◆ **Activity**: Print the data below verbatim, minus images.

◆ **Data for this task**:

###

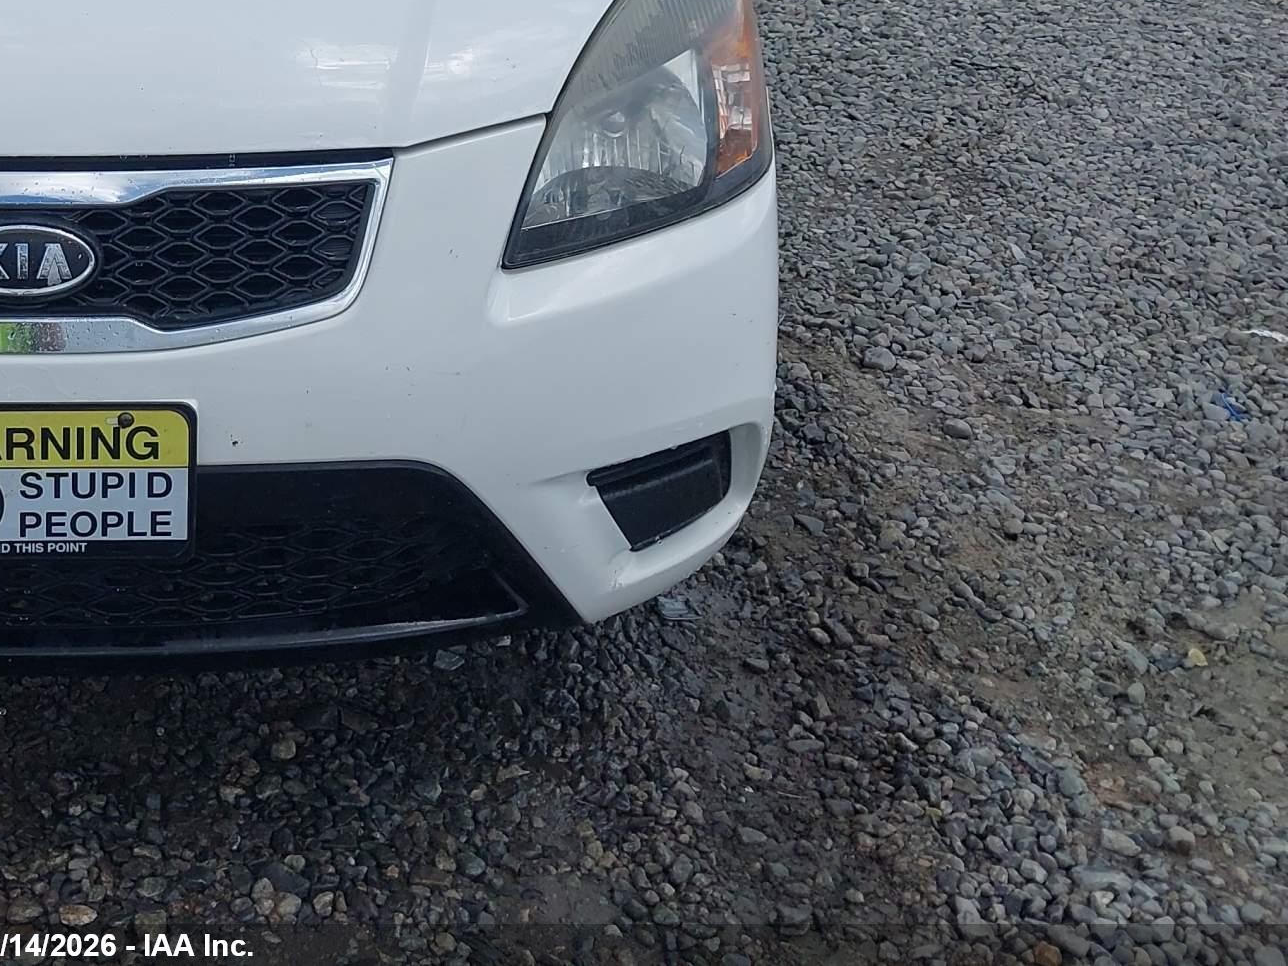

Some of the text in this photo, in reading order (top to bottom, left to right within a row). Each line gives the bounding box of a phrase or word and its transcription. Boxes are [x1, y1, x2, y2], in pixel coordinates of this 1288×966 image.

[19, 471, 173, 500] STUPID
[19, 510, 173, 538] PEOPLE
[13, 543, 44, 553] THIS
[47, 542, 88, 553] POINT

###

◆ **Answer area**:
Some of the text in this photo, in reading order (top to bottom, left to right within a row). Each line gives the bounding box of a phrase or word and its transcription. Boxes are [x1, y1, x2, y2], in pixel coordinates of this 1288×966 image.

[19, 471, 173, 500] STUPID
[19, 510, 173, 538] PEOPLE
[13, 543, 44, 553] THIS
[47, 542, 88, 553] POINT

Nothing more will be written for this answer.